6. Individual and group decisions:
When the decision is taken by one individual, it's referred to as individual decision. Usually routine type decisions are taken by individuals within the broad policy framework of the organisation.
Group decisions are taken by group of individuals constituted in the form of a standing committee. Generally vital and pertinent matters for the organisation are referred to this committee. the main aim in taking group decisions is that the involvement of maximum number of people in the process of decision¬- making.
Decision making is an important part of management. Therefore, management and deciding are considered inseparable.Decision making may be a process of choosing the simplest course of action among all available alternatives.

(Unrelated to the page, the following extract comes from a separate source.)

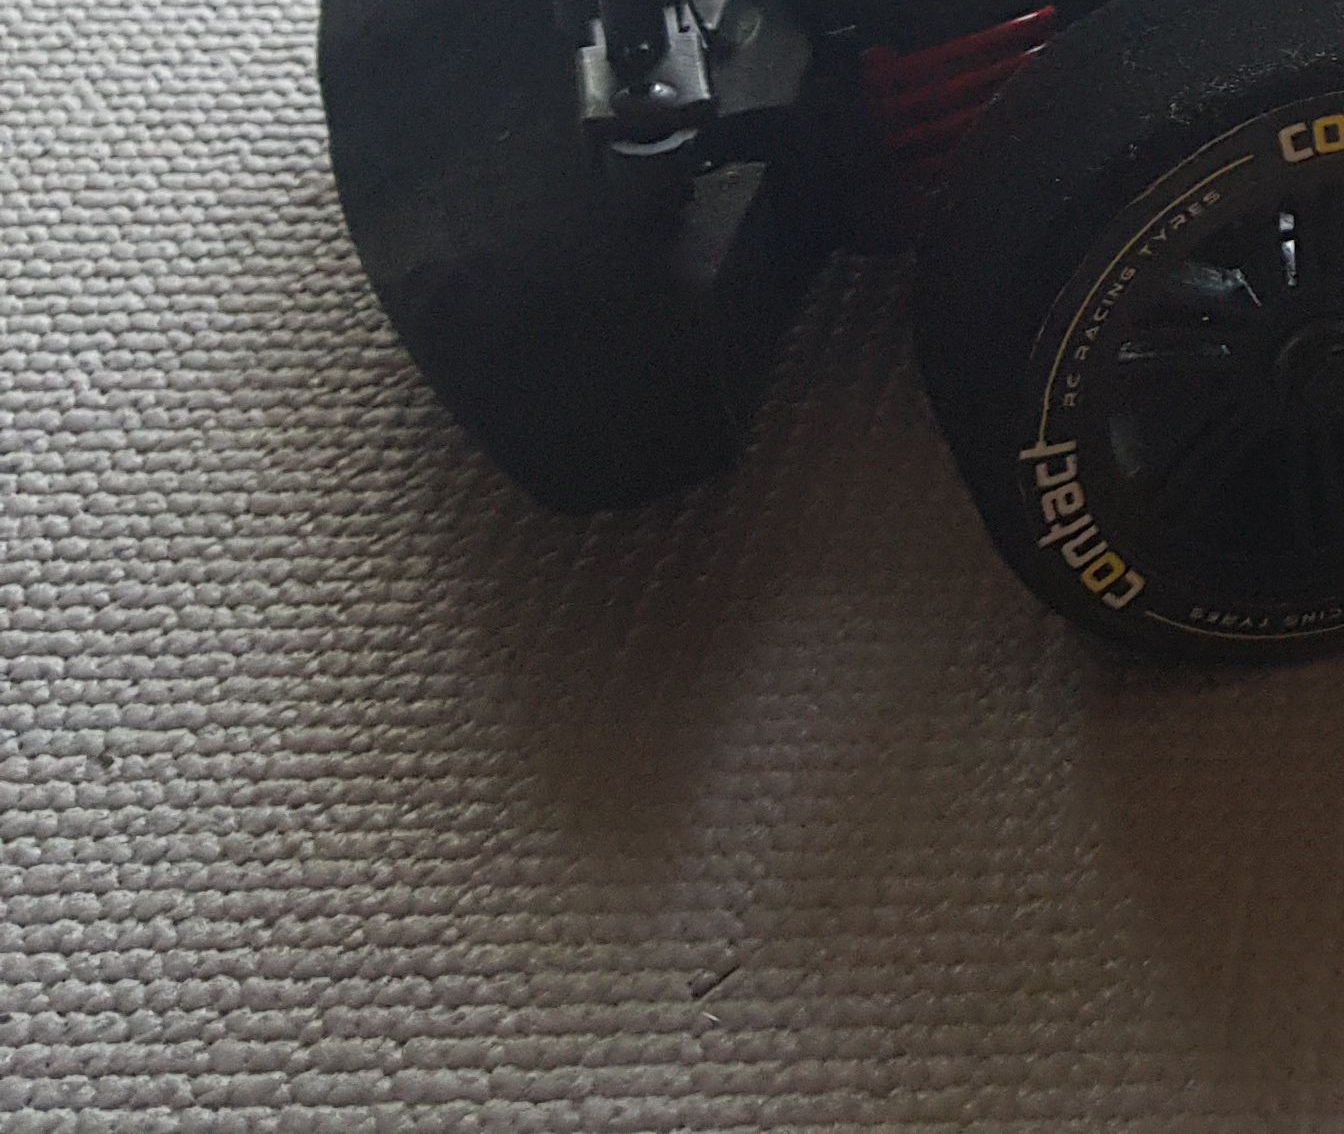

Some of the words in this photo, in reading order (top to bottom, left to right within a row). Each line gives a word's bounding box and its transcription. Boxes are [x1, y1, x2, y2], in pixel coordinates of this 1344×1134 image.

Organizations got to take various decisions, like decisions associated with investment and capital, production, distribution, and consumption of goods and services, to affect different economic problems. the most objective of decision making is to maximise profit, minimize cost, and achieve higher customer satisfaction.
Decision making may be a long and continuous process that involves a number of steps, which are shown in Figure-2:
THE STEPS INVOLVED IN THE DECISION-MAKING PROCESS
The steps involved in the decision-making process (as shown in Figure-2) are explained as follows:
1. Setting Objectives:
Refers to the first step of the decision-making process. it's necessary for an organization to define the objectives of taking a specific decision. The decision-making process of an organization is successful if the objectives are clear, realistic, and aligned with this market conditions.
In addition, it's preferred that the objectives should be in quantitative form, so that results can be measured more accurately. aside from this, the objectives should clearly mention the goals that an organization desires to attain and the time period to attain those goals. for instance , an organization can set an objective ‘to reduce the cost by 5% in the next fiscal year.’
2. Defining the problem:
An organization are often successful if it clearly identifies the problem that a decision is to be taken.
3. Identifying the causal factors:
Involves determining the factors which will affect the decision. for instance, for setting the price of a new product, it's required to determine the factors that influence the prices of the product. These factors are often availability of substitutes, climate , income level of consumers, demand and provide of the product, and costs incurred in manufacturing the product.
4. Finding out alternatives:
Refers to the step in which all the possible alternatives are generated for solving a problem. during this step, a corporation precisely identifies the multiple solutions to resolve a problem.
5. Collecting information:
Involves gathering data with respect to the alternatives generated so they can be properly analyse the information collected is said to the important economic variables that influences the problem. Generally, an organization collects information from internal and external sources.
Internal sources include records maintained by different departments of the organization, like marketing, human resource, production, finance and personnel department. On the opposite hand, external sources include information collected through surveys, interviews, and research conducted.
6. Evaluating information:
Constitutes a vital step of the decision-making process in this step, the collected data is analyzed in order that best alternative are often selected. Many of the alternatives are eliminated if they're not able to satisfy the requirements of the organization or don't match with the budget or other constraints of the organization.
All the alternatives are analyzed on the premise of their advantages and disadvantages. After conducting a radical analysis of the alternatives with the assistance of quantitative and qualitative tools, the best alternative is chosen.